Мама! Папа завещал мне никогда тебя не покидать... Ты говорила: «Tu es mon baton de vieillesse».* Атеперь ты одна, в чужой стране. И ты, Ира! Мой Ирусь, мой «сынку»! Мы были неразлучны. Но как хорошо, что тебя здесь нет! Ты сделала ошибку, выйдя замуж, но может быть, это спасло тебя от судьбы, подобной моей?

Увижу ли я вас, родные мои?!

«В воздухе пахнет грозой»

Думай не думай, а время бежит. Под колеса беско­нечной вереницей ложатся километры; мимо проно­сятся города. Вот Куйбышев. Город похож на огром­ную деревню из одно- и двухэтажных изб, черных, грязных. Поражает отсутствие деревьев, садов, украшений. Мусор, трубы, грязь и дым.
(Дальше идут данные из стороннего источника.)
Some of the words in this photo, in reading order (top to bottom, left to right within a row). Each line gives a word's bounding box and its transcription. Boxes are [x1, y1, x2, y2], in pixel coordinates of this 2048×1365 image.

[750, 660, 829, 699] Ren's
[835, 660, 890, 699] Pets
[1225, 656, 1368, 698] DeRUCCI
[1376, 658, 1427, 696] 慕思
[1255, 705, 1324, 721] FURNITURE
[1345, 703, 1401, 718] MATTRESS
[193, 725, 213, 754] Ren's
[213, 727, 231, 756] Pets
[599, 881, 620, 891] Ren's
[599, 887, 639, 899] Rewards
Уфа! Там впервые меня под конвоем повели за ки­пятком. Дул сильный ветер и гнал целые тучи рыжей пыли. Пыль была повсюду - хрустела на зубах и ре­зала глаза. Вот тут-то, на перегоне Уфа-Челябинск, произошла какая-то перемена по отношению к нам наших конвоиров: появилась сугубая враждебность, сменившая прежнее насмешливое отношение.

- Они стали злые, как осы, - сказал кто-то из нас. Мы были отрезаны от всего, что было за стенами нашего телячьего вагона, но чувствовали - что-то на­висло над нами: в воздухе пахнет грозой. В чем же дело? Обрывки фраз, произнесенных нашими конво­ирами, заставляли призадуматься:

- Ну, теперь прощай, отпуск!

- И на увольнение нечего рассчитывать!

- Балда ты! Отпуск! Увольнение! Это все пустяки! Тут не тем пахнет...

А в самом деле - чем же?

В том месте, где мы перевалили через Урал, ничто не напоминало того, что принято называть «горами», скорее - пологие холмы, поросшие лесом. И почему-то запомнилась такая картина: возле самого полотна группа скал; на самой из них высокой - козел на фоне заката. Ей-Богу, он смеялся, тряся бородой!
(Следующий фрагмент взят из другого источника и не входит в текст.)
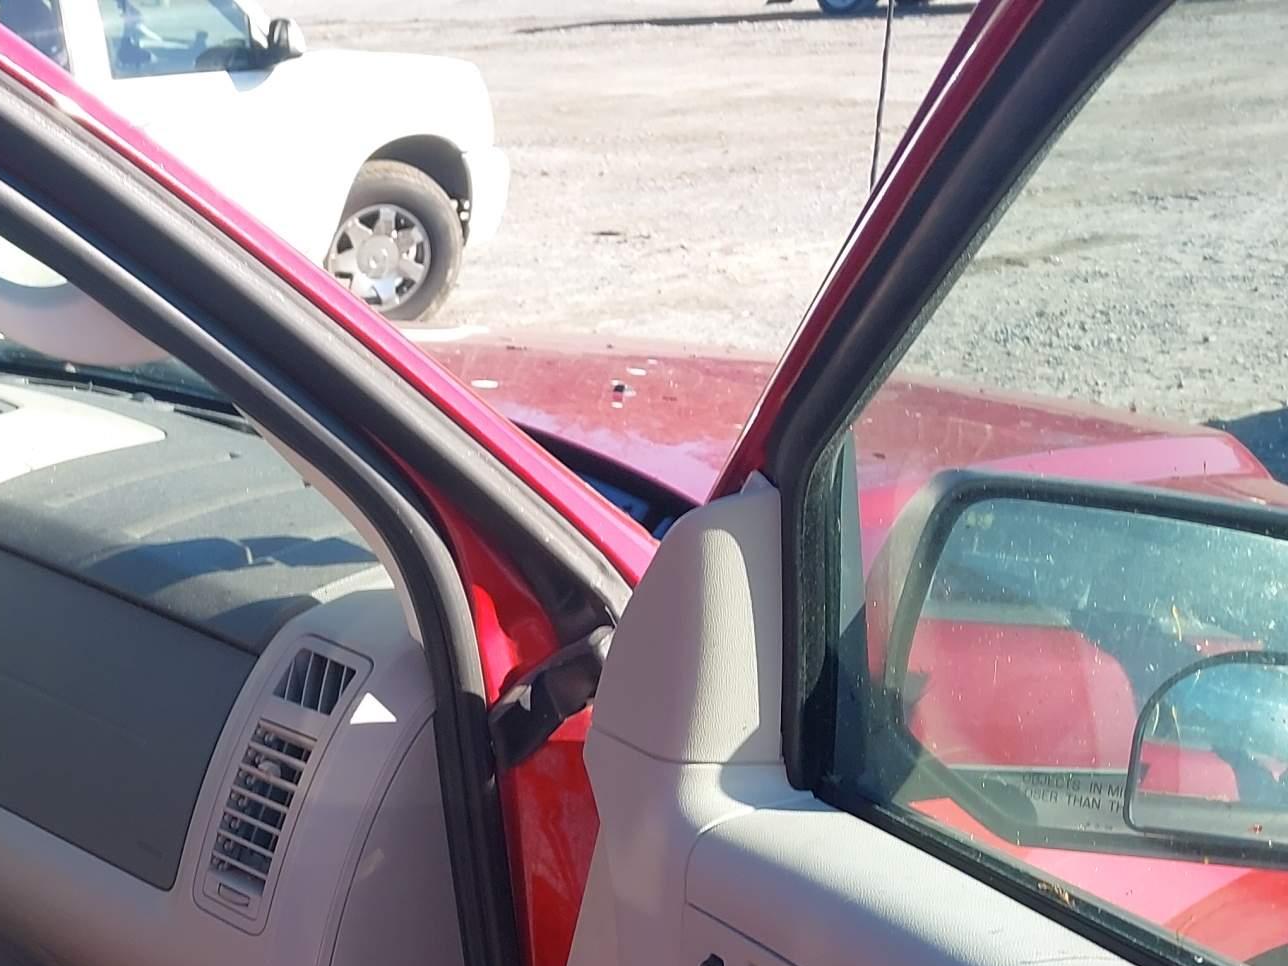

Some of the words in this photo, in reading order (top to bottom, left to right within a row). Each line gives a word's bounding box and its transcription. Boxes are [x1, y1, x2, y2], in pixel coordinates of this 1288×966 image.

[1022, 773, 1081, 791] OBJECTS
[1089, 782, 1103, 795] IN
[1107, 784, 1123, 798] MI
[1024, 787, 1059, 803] OSER
[1067, 794, 1101, 811] THAN
[1109, 800, 1122, 814] TH
С тех пор при слове «Урал» мне вспоминается этот козел. Может быть, оттого, что я ему завидовала? Ведь он был свободен.

Взбираясь на перевал, поезд полз медленно-медленно, и так заманчиво выглядели леса, тянув­шиеся до самого горизонта и подходившие вплотную к железнодорожной насыпи!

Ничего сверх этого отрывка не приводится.